After his detention, Okolie’s lawyer, Tope Akinyode, sued the DSS, MTN and Hanan, stating that the trio jointly violated his client’s fundamental human rights.
He urged the court to award monetary compensation of N500m jointly or severally against the defendants.
At the hearing of the case on Wednesday, Okolie denounced the claim by the DSS that President Buhari, and not his daughter, ordered his unlawful arrest and detention.
Okolie’s lawyer said despite the long period between the court order and the hearing date, he only received “loads of document from the 1st and 3rd respondents last week Friday”.
He said the rules allowed his client to react to the processes within five days but he had abridged the time and their processes were being filed.

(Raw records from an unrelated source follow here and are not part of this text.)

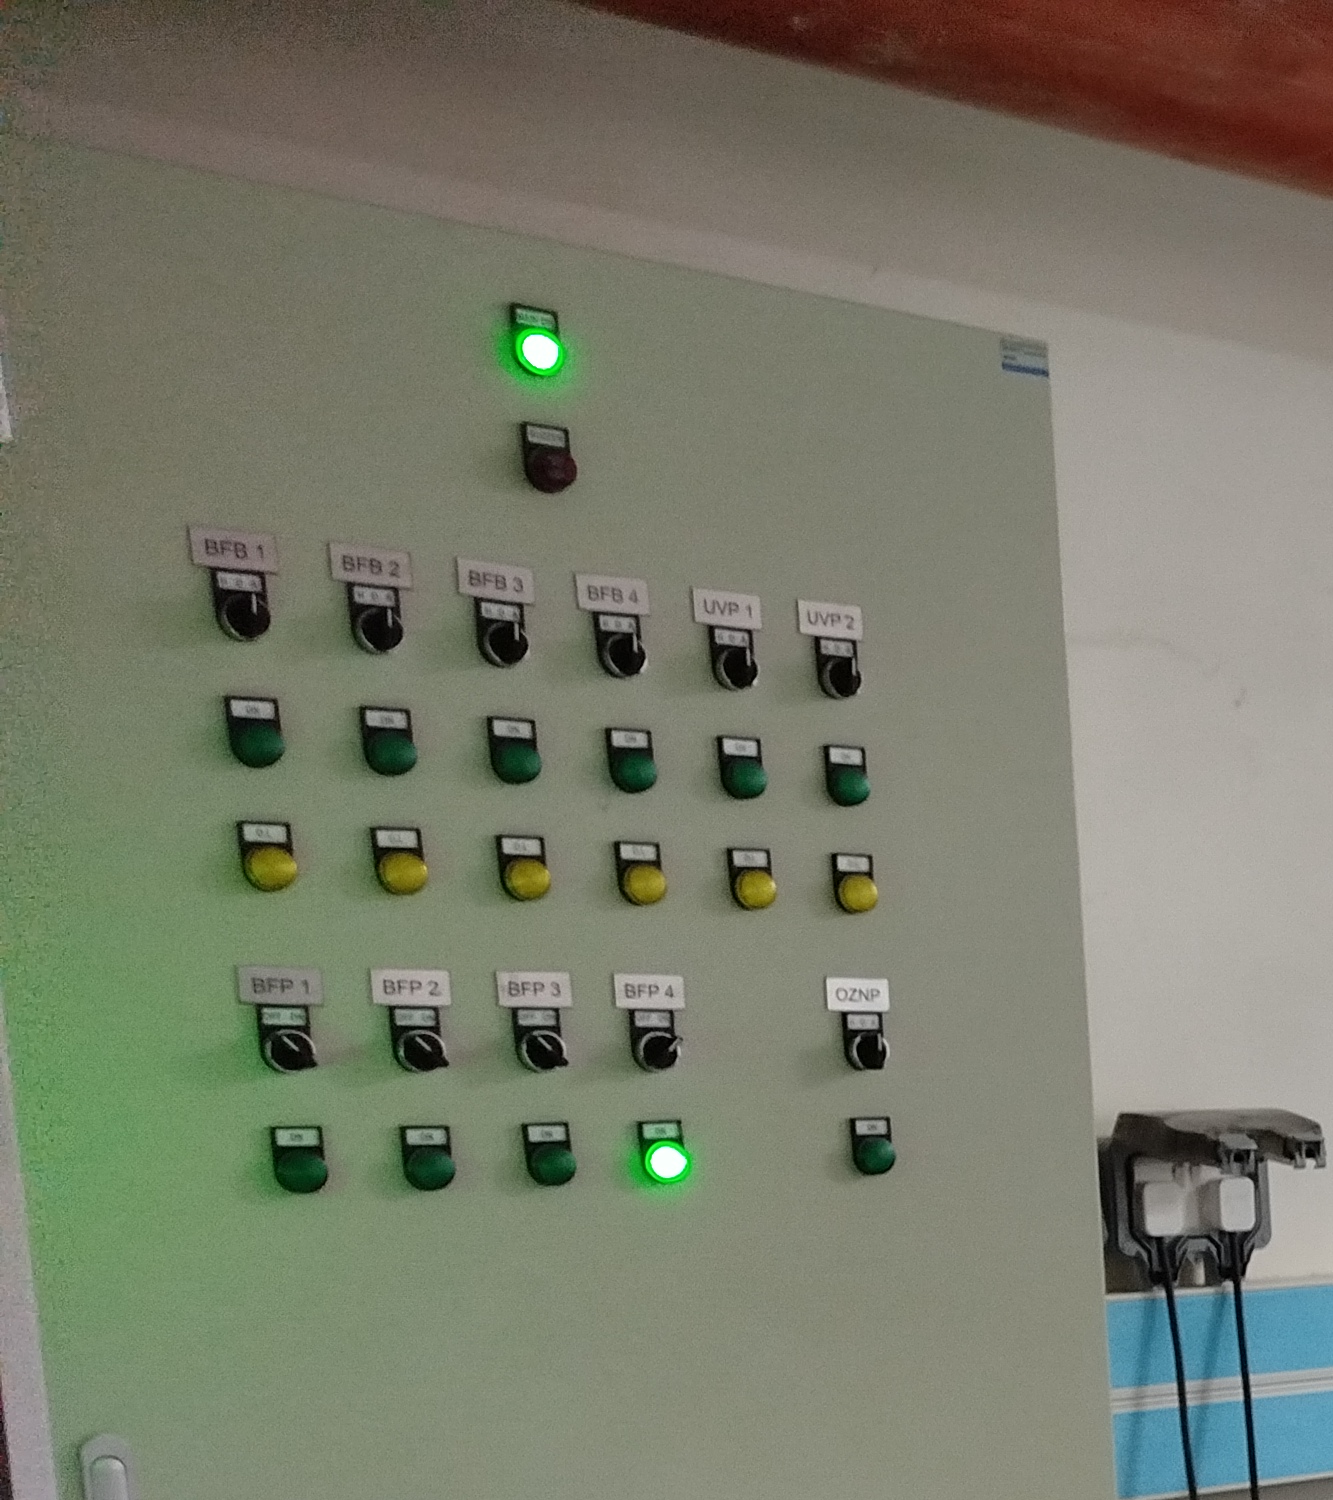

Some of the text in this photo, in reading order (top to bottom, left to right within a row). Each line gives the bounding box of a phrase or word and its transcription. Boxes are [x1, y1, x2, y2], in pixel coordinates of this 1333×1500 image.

[204, 537, 265, 560] BFB 1
[341, 554, 402, 578] BFB 2
[467, 569, 525, 593] BFB 3
[587, 584, 640, 604] BFB 4
[702, 598, 754, 619] UVP 1
[806, 610, 857, 631] UVP 2
[251, 976, 311, 996] BFP 1
[382, 977, 443, 997] BFP 2
[507, 979, 563, 998] BFP 3
[624, 982, 676, 1000] BFP 4
[835, 986, 883, 1003] OZNP
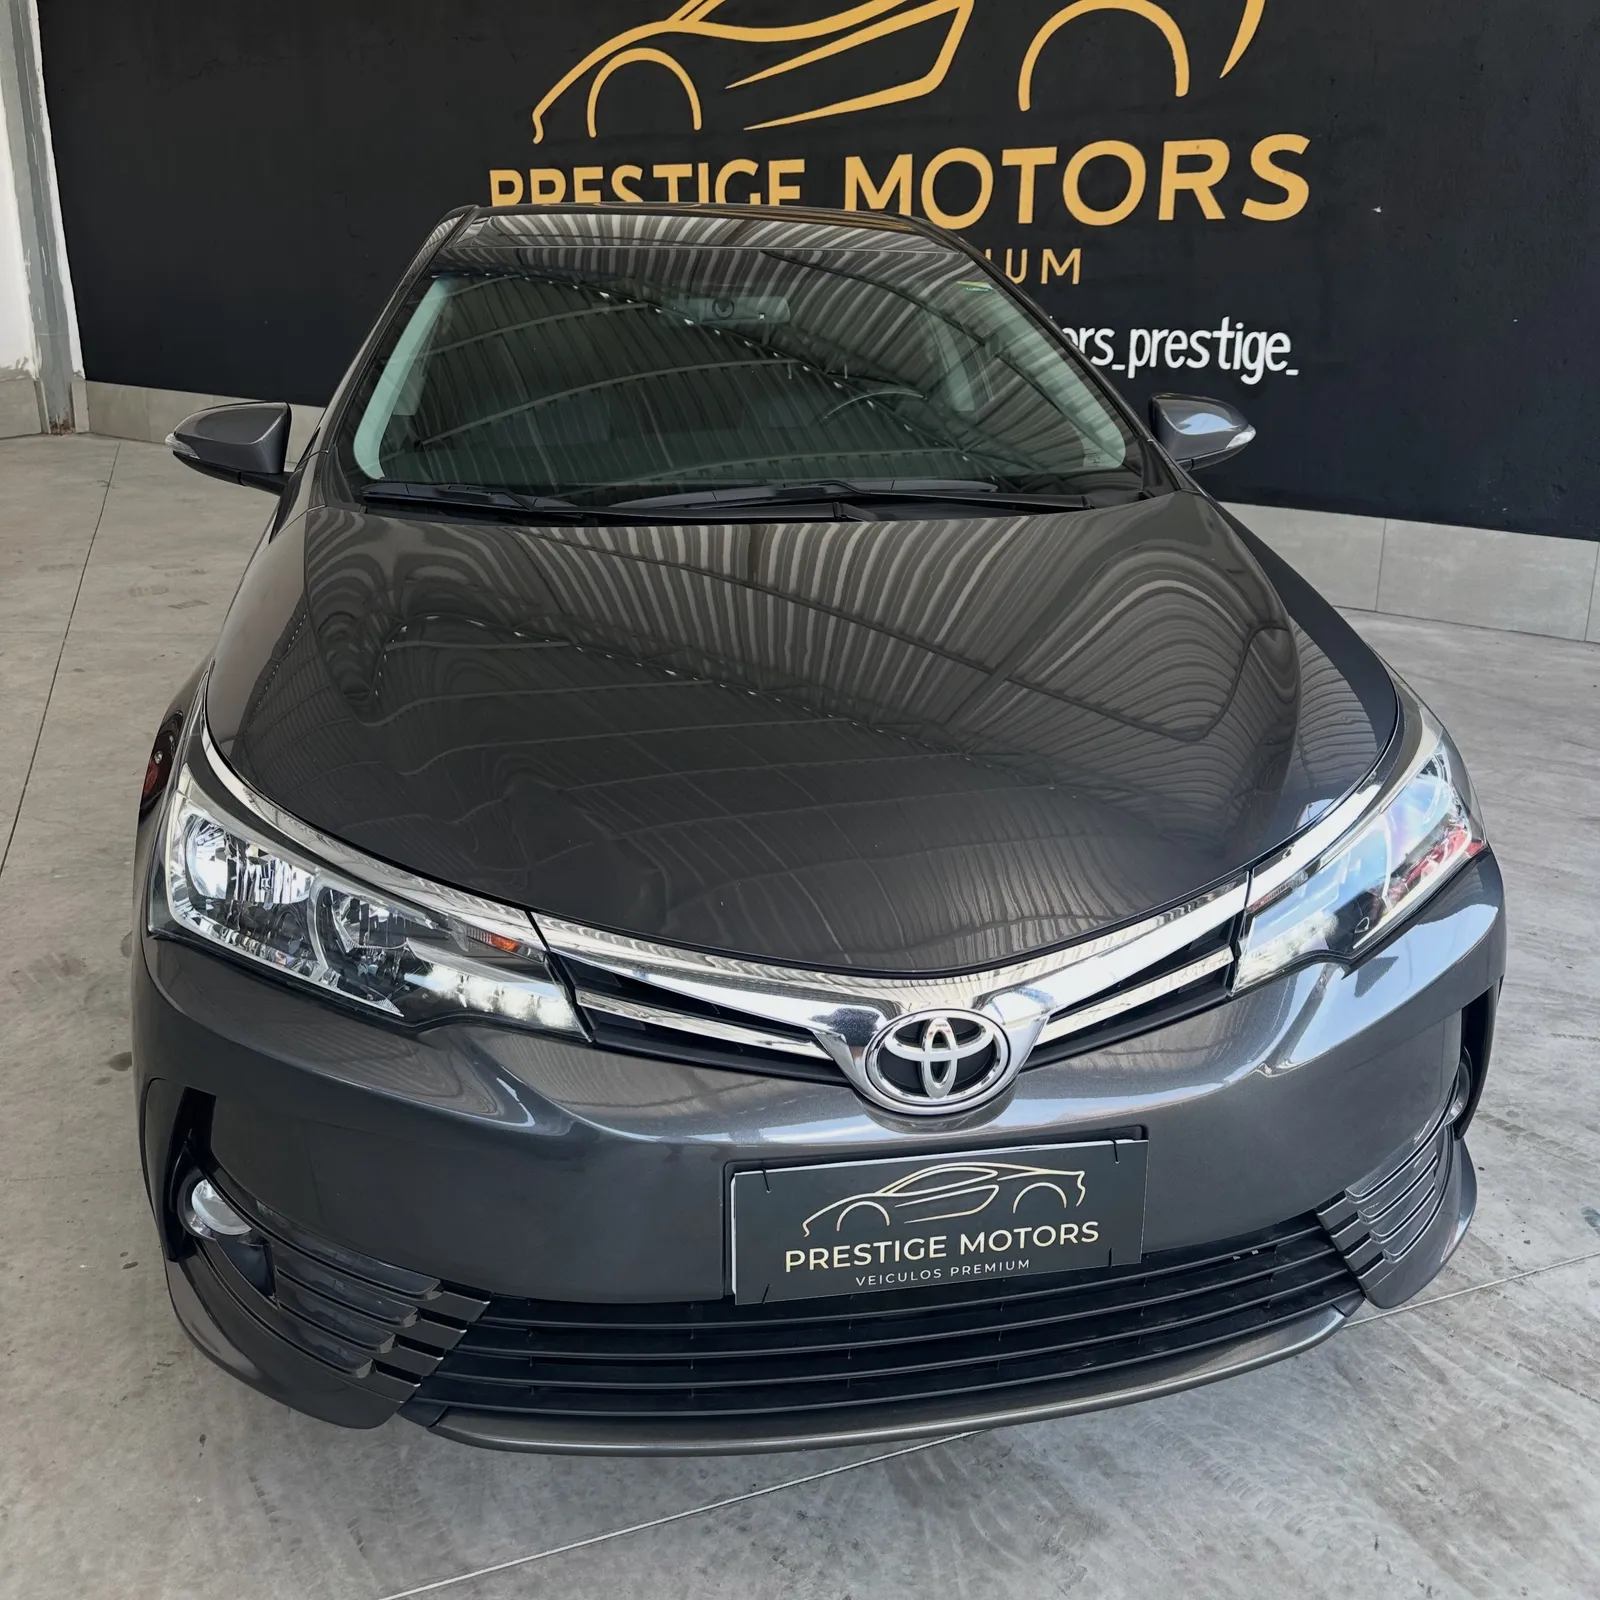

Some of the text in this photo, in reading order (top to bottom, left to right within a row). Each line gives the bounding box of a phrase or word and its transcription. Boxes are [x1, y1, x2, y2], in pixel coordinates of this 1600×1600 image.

In the newly filed court processes, Okolie said the claim of the DSS that President Buhari ordered his arrest was untrue.
He said he was authoritatively informed by one Herbert Ogboli, Assistant Director of Operational Services of the DSS in his office at about 8:00am on September 23, 2019 before he was released that Hanan instructed his arrest and monitored it.
He said she was contacted three times to substantiate her allegations against him but failed to show up until he was released by the agency.
E.E Daubry, lawyer representing the DSS, urged the court for an adjournment, saying he needed time to peruse the documents.
However, Justice Nnamdi Dimgba, presiding over the case said even though he could hear the matter immediately and even give judgment the following day given that he does not like wasting time, he would not want to shut out any of the parties.
He said the court is restrained from disallowing parties from filing their affidavits thus adjourning the matter for definite hearing until March 13.